Joanne Crowe, an astrologer so accurate and empathetic that clients became obsessed with her, knew her days were numbered. She’d always insisted on the truth of her impending “eventuality” to her daughter, Avicenna, but when Joanne goes missing, it’s still a shock. As Avicenna embraces her own ability to read destinies in the stars and planets to unravel the mystery of her beloved mother’s disappearance, her skills introduce her to both unlikely allies and revolting, violent foes across Melbourne’s most luxurious and down-at-the-heels neighborhoods. Avicenna is a revelation: prickly and brilliant—she’s the first student in years to ace the entrance exam at a highly competitive magnet high school—she pursues the truth doggedly even as the likelihood of her mother’s death forces her to re-experience the physical and emotional trauma of the fire that took her father’s life 10 years prior. Lim throws class differences into high relief and highlights the casual, cruel racism multiracial people still face in modern Australia. Her taut, assured thriller weaves together astrology and mythology, poetry and poverty, and several generations of mothers whose love can’t protect their children from humanity’s ugliest tendencies.
Teen and adult readers who like their mysteries gritty and literary, with a touch of magic: seek this one out.
(Mystery. 15 & up)
Claire’s parents are keeping secrets that could kill her.
Sixteen-year-old Claire Takata is a spirited, inquisitive amateur locksmith and sleuth. Claire and her brothers have always believed their father died of a heart attack 10 years ago and that their mother met their stepdad after he died. But when Claire finds an old letter in her father’s journal and pictures locked away in her stepdad’s desk that reveal otherwise, she is determined to find out the truth. Why have her mom and stepdad lied to her? Why does her mom never want to talk about her father? And what really happened to him? Through letters Claire has written to him over the decade since his death, Claire’s father has served as her confidant, an outlet for her grief, frustrations, and longings. The author also makes smart use of these letters, interspersing them between chapters to deliver important back story. Claire’s grief and sense of loss are compounded when she eventually discovers that her father had been a member of the yakuza, transnational Japanese organized crime syndicates—and then her sleuthing attracts the attention of someone tied to her father's past....The romantic tension between Claire and her best friend, Forrest, plays out authentically in a subplot, and the novel’s twists and turns will keep readers riveted and guessing even after they finish the book.

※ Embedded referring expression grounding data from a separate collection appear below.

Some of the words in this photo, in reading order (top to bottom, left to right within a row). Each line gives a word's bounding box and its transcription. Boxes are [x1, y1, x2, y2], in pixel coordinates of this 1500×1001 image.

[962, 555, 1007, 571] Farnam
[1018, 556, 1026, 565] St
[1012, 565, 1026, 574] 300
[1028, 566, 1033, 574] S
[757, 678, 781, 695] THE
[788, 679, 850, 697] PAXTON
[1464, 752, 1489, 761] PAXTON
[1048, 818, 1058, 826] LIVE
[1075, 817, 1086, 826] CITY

This fantastic debut packs a highly suspenseful blend of action, intrigue, and teen romance.
(Thriller. 12 & up)
A teen reporter busts a cyberbullying ring at her new school in Metropolis.

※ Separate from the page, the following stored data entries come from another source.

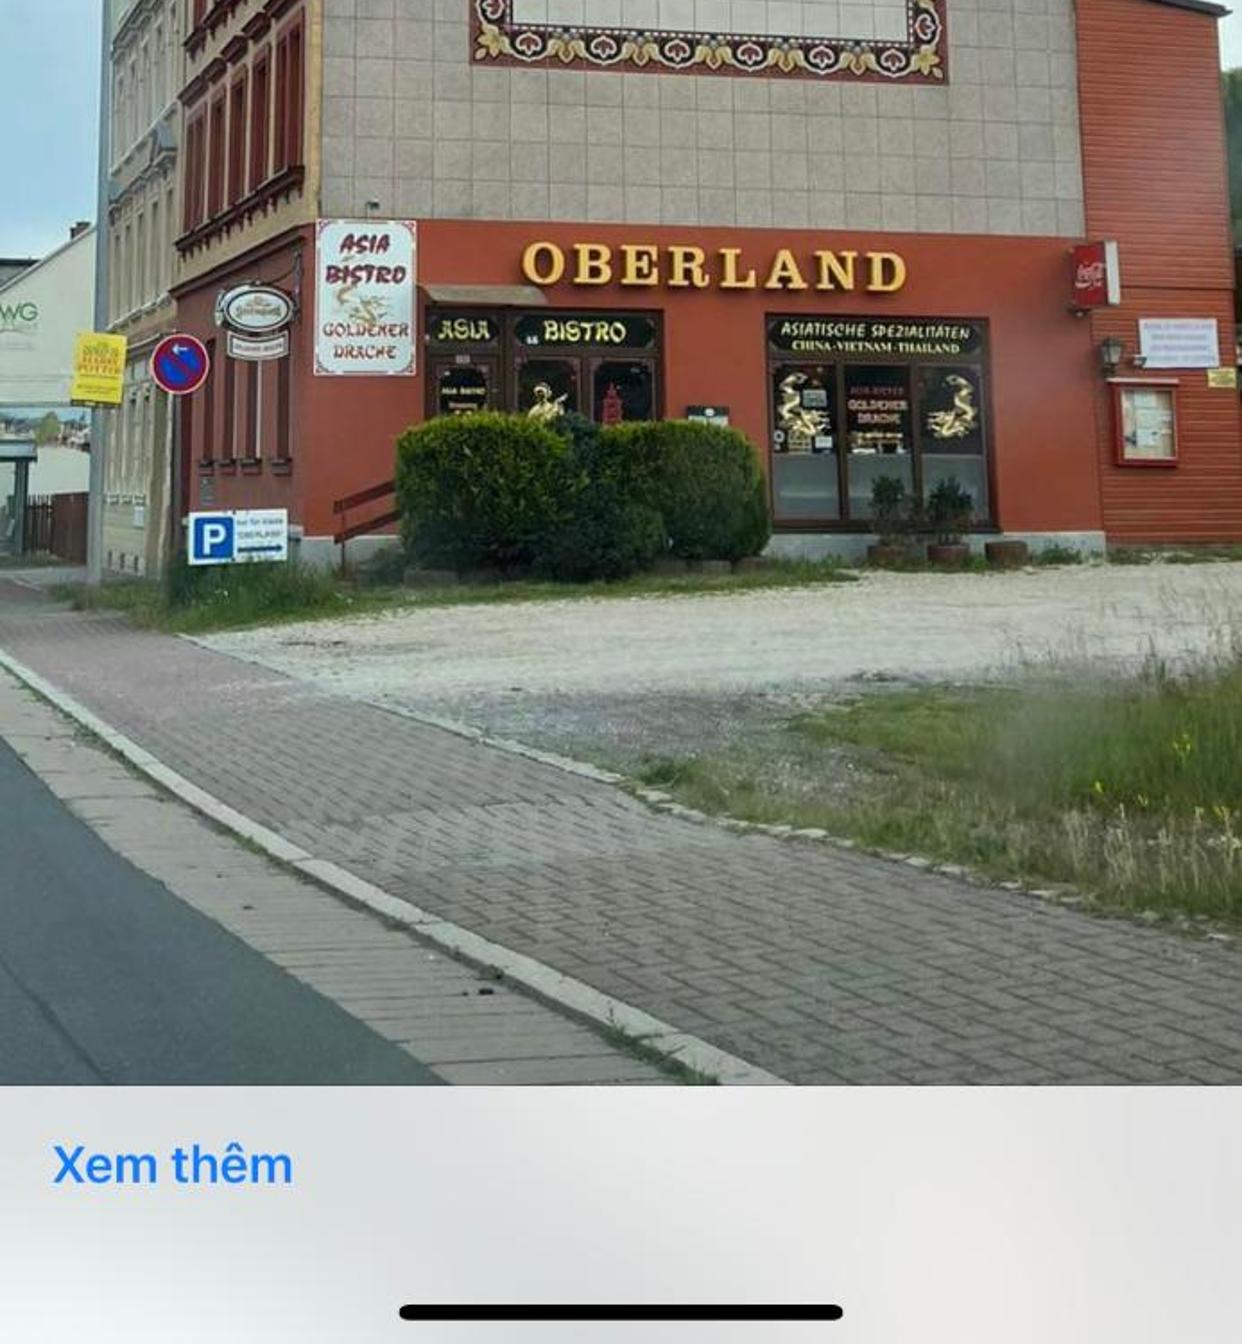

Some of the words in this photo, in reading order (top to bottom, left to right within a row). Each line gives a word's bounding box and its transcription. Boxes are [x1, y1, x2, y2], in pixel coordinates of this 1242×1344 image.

[339, 233, 390, 255] ASIA
[325, 264, 406, 285] BISTRO
[522, 241, 907, 293] OBERLAND
[322, 322, 409, 338] GOLDENER
[437, 318, 491, 340] ASIA
[543, 319, 627, 343] BISTRO
[780, 322, 866, 338] ASIATISCHE
[333, 344, 398, 360] DRACHE
[203, 523, 227, 556] P
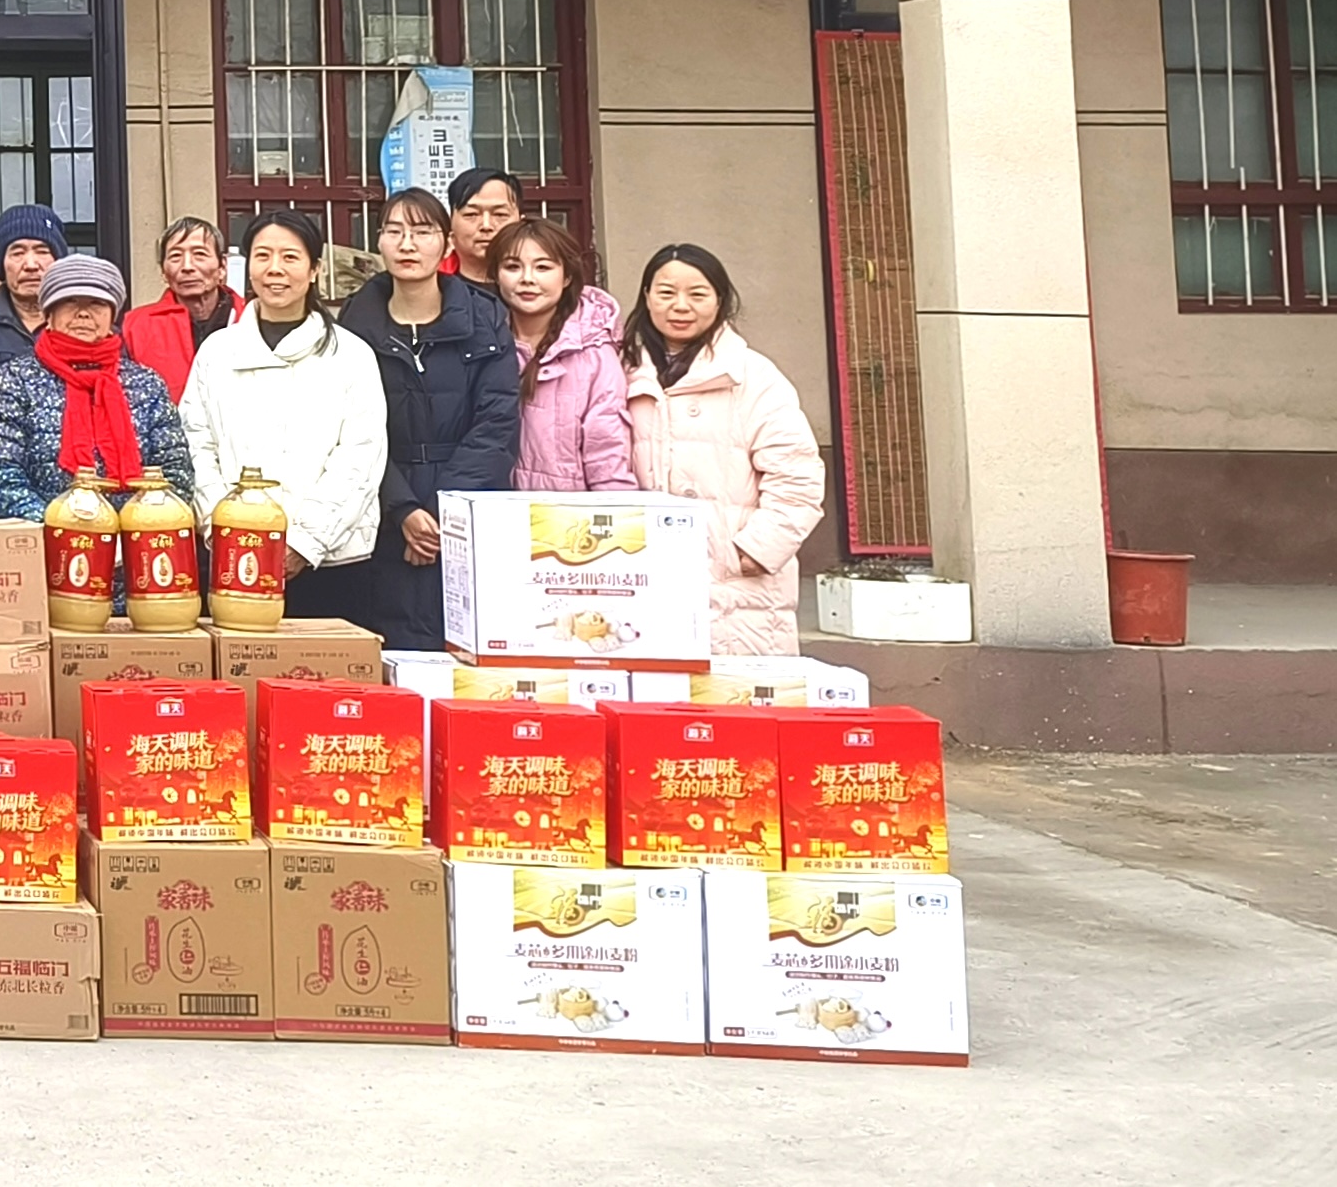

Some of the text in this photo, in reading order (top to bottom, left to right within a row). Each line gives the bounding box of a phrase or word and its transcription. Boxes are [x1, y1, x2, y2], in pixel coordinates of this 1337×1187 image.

Lois Lane is new in town, and she's doing her best to keep her head down and her nose clean. Her Army general father is hoping to make their family's stay in Metropolis permanent, and Lois doesn't want to jeopardize that. She joins the Daily Scoop, a teen subsidiary of the Daily Planet, in an effort to make friends. Of course, trouble always has a way of finding Lois Lane. This first entry in a planned series gets plenty right. Lois is as fully rounded as she is in the comics, headstrong, smart, capable, and equipped with a solid moral compass. Bond (Girl on a Wire, 2014, etc.) provides her with plenty of interesting supporting characters to bounce off, establishing a world worthy of a series. Bond also resists the fan-service urge: there's no mention of Gotham, the Waynes, Lex Luthor, Central City, or any other landmark DC icon. The one big connection Bond makes is a playful one: Lois' online pal goes by the name "SmallvilleGuy," and few readers will not put the pieces together quickly regarding his true identity. Bond plays with their knowledge though, effectively turning this eye-roll–worthy quirk into a knowing smile, similar to the one Supes gives to viewers at the end of many a comic book and film. This lighthearted and playful tone permeates the novel, making for a nifty investigative mystery akin to Veronica Mars or Buffy the Vampire Slayer. Readers are in for a treat.
A spectacular prose start for DC Comics' spectacular lady.